- Circle’s shares jumped as much as 14% after it disclosed a $222 million pre-sale for its ARC blockchain — valued at $3 billion — with investors including a16z’s crypto fund, BlackRock, Apollo Funds, and Intercontinental Exchange.
- Q1 net income from continuing operations fell 15% to $55 million as operating expenses and compensation rose; revenue and reserve income grew 20% to $694 million but missed analyst expectations of $720.8 million.
- USDC stablecoin circulation rose 28% year-over-year to $77 billion, though the reserve return rate fell to 3.5% (down 66 basis points) as the Fed’s rate environment weighs on the interest income that drives most of Circle’s profit.

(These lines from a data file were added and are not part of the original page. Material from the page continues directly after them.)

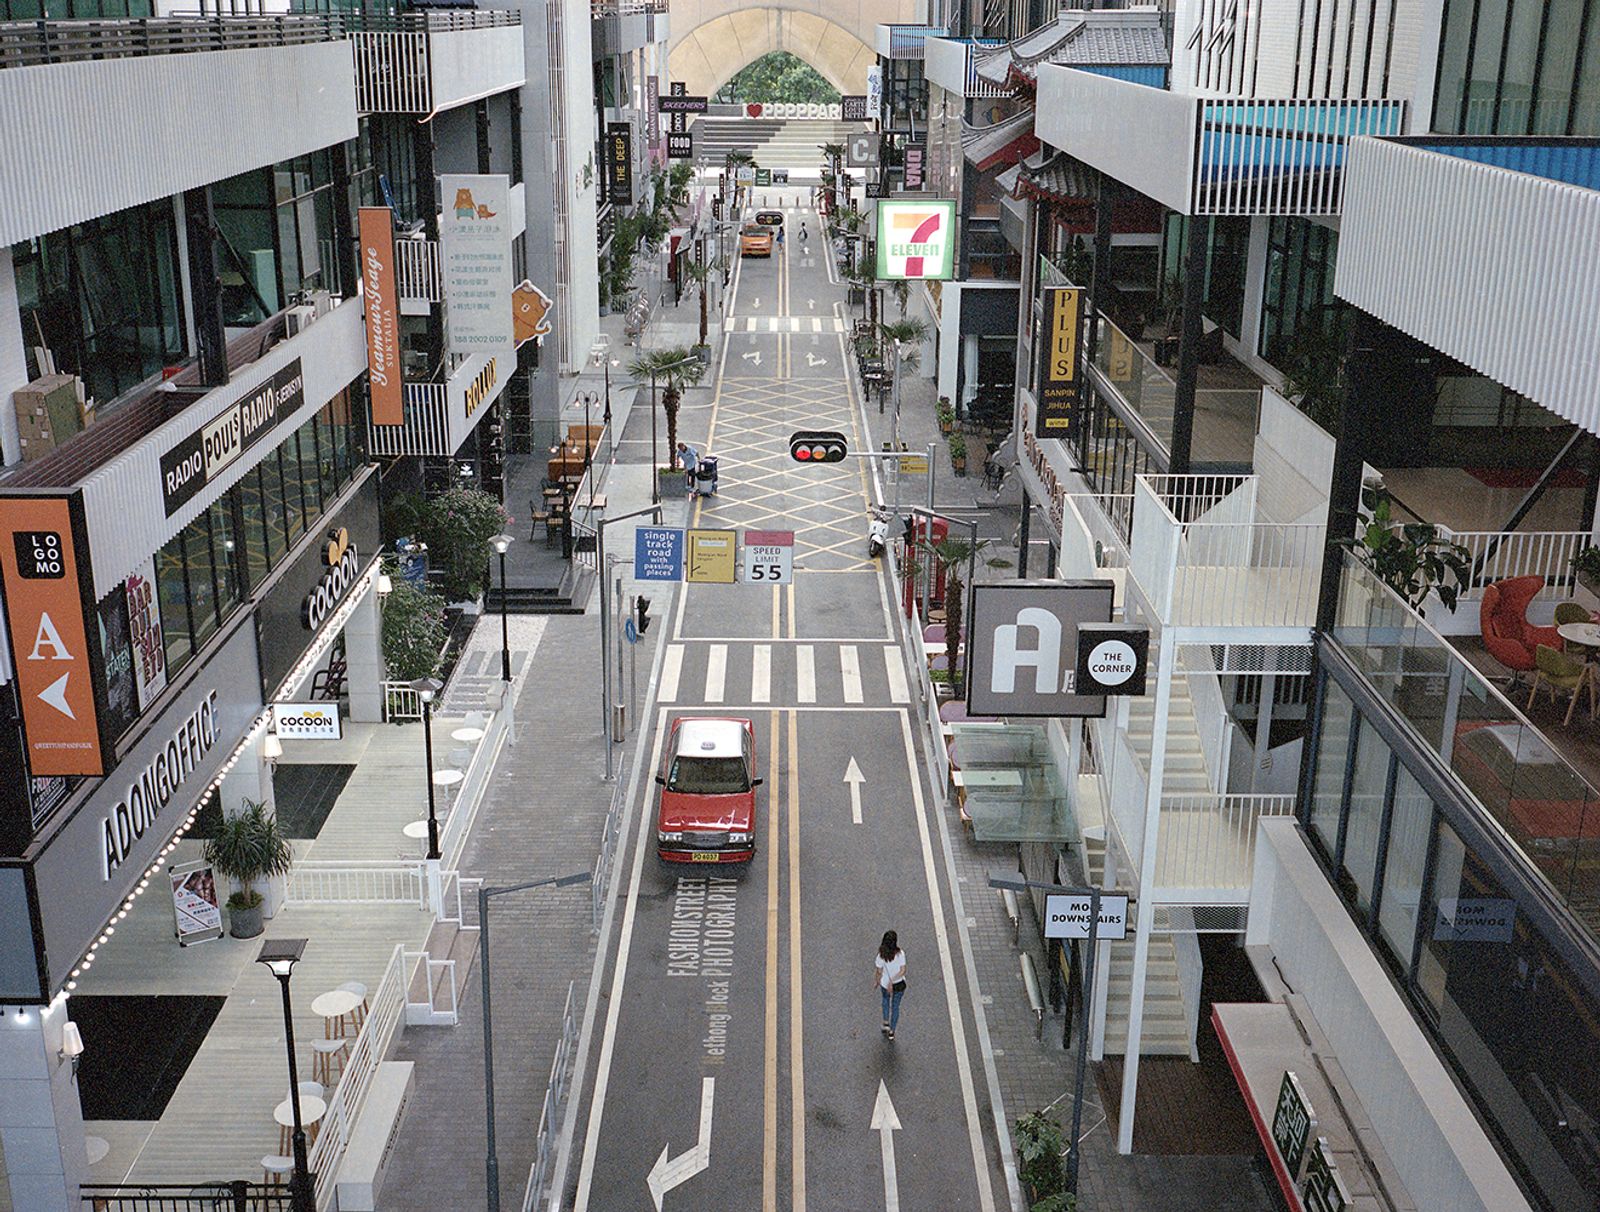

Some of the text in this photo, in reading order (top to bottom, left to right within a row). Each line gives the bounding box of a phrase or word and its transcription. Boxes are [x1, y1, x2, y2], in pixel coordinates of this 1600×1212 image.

[662, 101, 705, 109] SKECHERS
[670, 137, 690, 148] FOOD
[615, 138, 626, 161] DEEP
[616, 165, 626, 182] THE
[906, 150, 922, 187] DNA
[1056, 291, 1073, 376] PLUS
[1046, 402, 1071, 410] JIHUA
[166, 450, 203, 496] RADIO
[242, 387, 275, 437] RADIO
[644, 531, 676, 541] single
[646, 540, 674, 548] track
[647, 549, 672, 557] road
[753, 546, 781, 555] SPEED
[650, 556, 668, 564] with
[755, 555, 779, 563] LIMIT
[643, 563, 674, 571] passing
[646, 569, 672, 577] places
[751, 564, 782, 581] 55
[307, 542, 359, 631] COCOON
[27, 612, 75, 660] A
[1103, 652, 1122, 661] THE
[1092, 664, 1132, 673] CORNER
[280, 717, 333, 727] COCOON
[1070, 903, 1104, 912] MOE
[1052, 914, 1122, 924] DOWNSAIRS
[701, 877, 738, 977] PHOTOGRAPHY
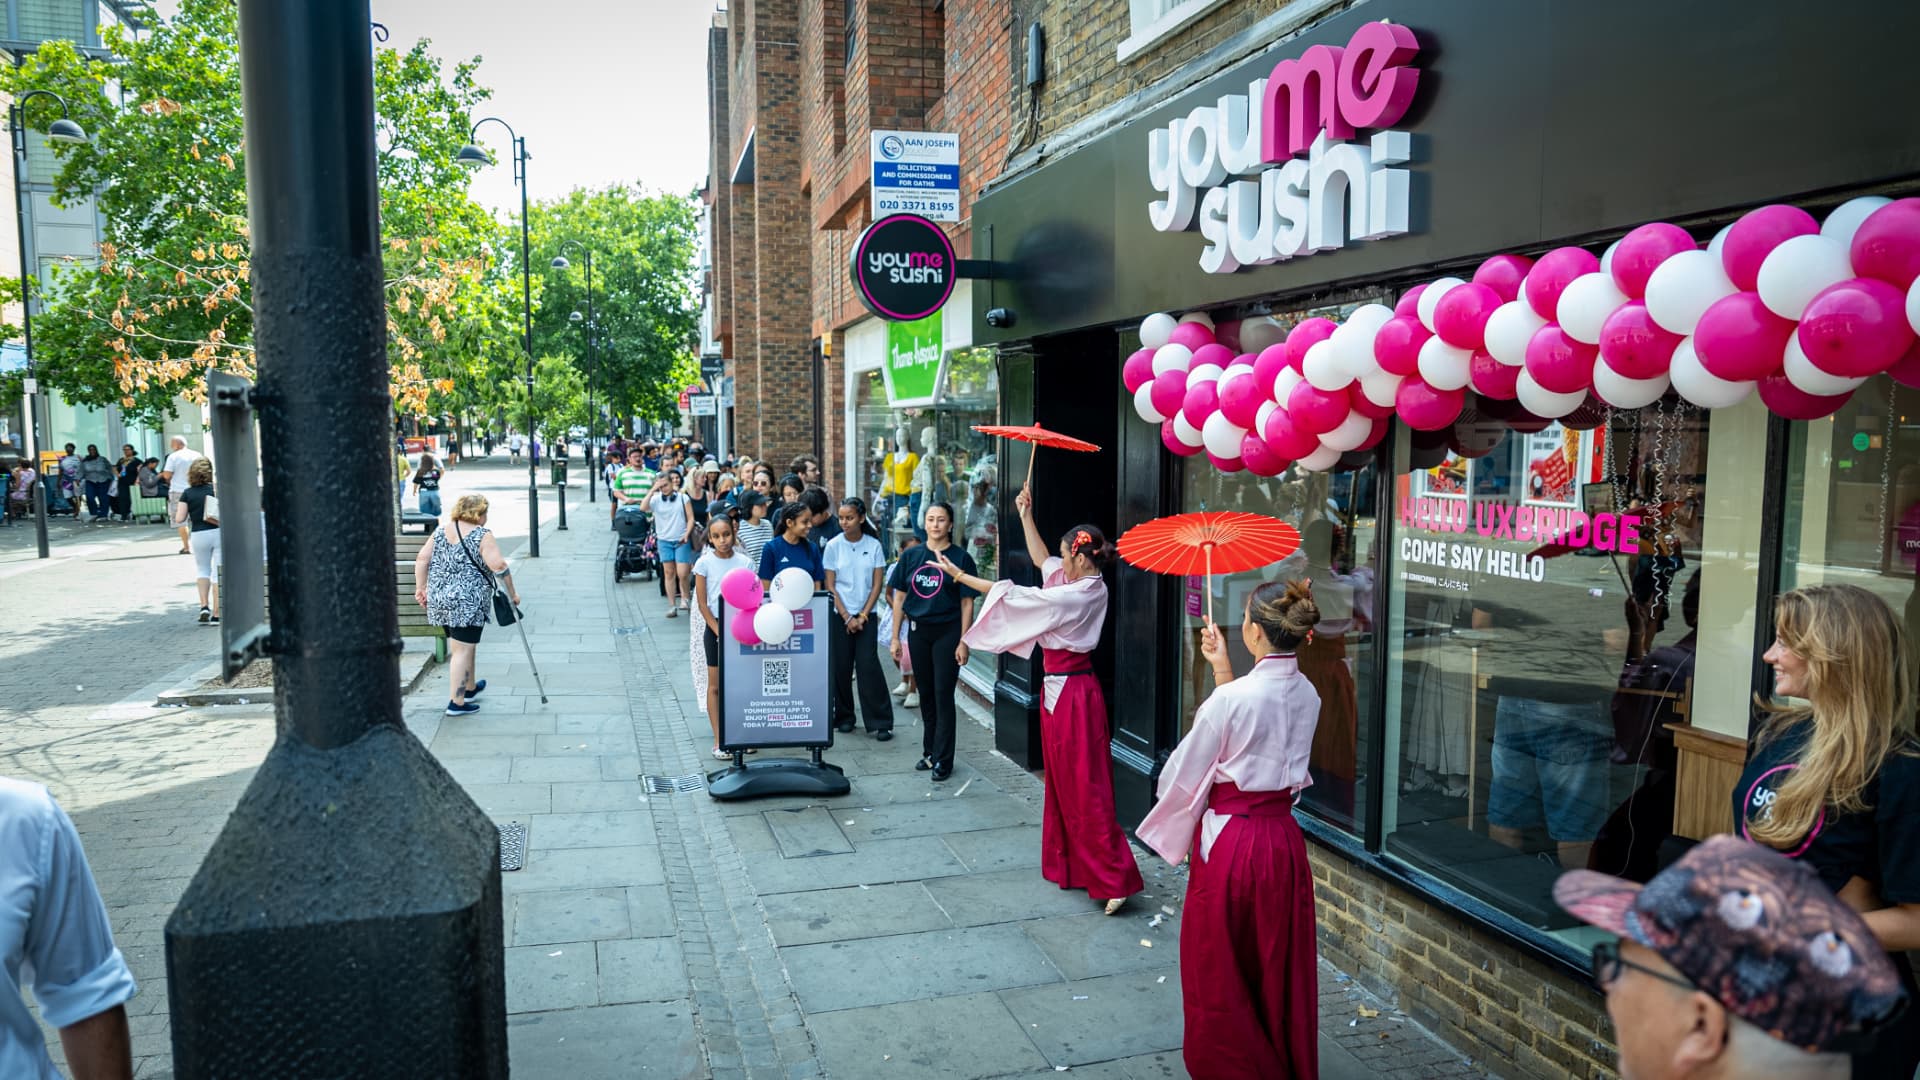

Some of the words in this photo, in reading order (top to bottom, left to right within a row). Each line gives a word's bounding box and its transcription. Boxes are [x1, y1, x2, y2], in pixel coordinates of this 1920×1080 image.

- Adjusted EBITDA beat expectations at $151 million vs. the $137.9 million forecast, and analysts highlighted Circle’s positioning for AI agent commerce — where stablecoins are seen as the native settlement layer for machine-to-machine transactions.
What Happened?
Circle reported mixed Q1 results Monday evening — revenue missed, net income fell, and its reserve return rate compressed — but investors quickly looked past the headline numbers once the ARC blockchain pre-sale details emerged. Circle raised $222 million in a pre-sale for ARC, the native token attached to a new blockchain it’s building specifically to underpin stablecoin financial operations: cross-border payments, capital market settlements, and eventually AI agent commerce. The investor lineup — Andreessen Horowitz’s crypto fund, BlackRock, Apollo, and Intercontinental Exchange — signals institutional conviction in the project. The stock initially dipped on the earnings miss before reversing sharply higher.
Why It Matters?
The ARC pre-sale reframes Circle’s story from a stablecoin issuer living and dying by Fed interest rates into a potential infrastructure layer for the next generation of digital finance. USDC is already the second-largest stablecoin with $77 billion in circulation, but the reserve income model is inherently rate-sensitive — Circle’s return rate fell 66 basis points in Q1, and any further rate cuts would compress margins further. ARC and the AI agent commerce thesis offer a path to revenue that doesn’t depend on the Fed. CEO Jeremy Allaire has argued that stablecoins will become the native currency of machine-to-machine commerce as autonomous AI agents proliferate — and that Circle, with its full-stack approach (stablecoin + services + blockchain), is best positioned to be the default settlement layer for that future.
What’s Next?
The US stablecoin regulatory framework — signed into law last July — has given the sector legitimacy, and momentum is building toward a crypto market-structure bill (the Clarity Act) that Coinbase says is nearing Senate consideration. Circle shares its USDC revenue with Coinbase, making regulatory progress a shared tailwind. On the headwind side, rate cuts — which markets increasingly expect — would further compress Circle’s reserve income, and the Middle East conflict’s resolution (or not) will affect the macro environment for risk assets broadly. The ARC launch timeline and token economics will be the next major disclosure to watch for investors trying to assess whether the blockchain bet delivers revenue at scale.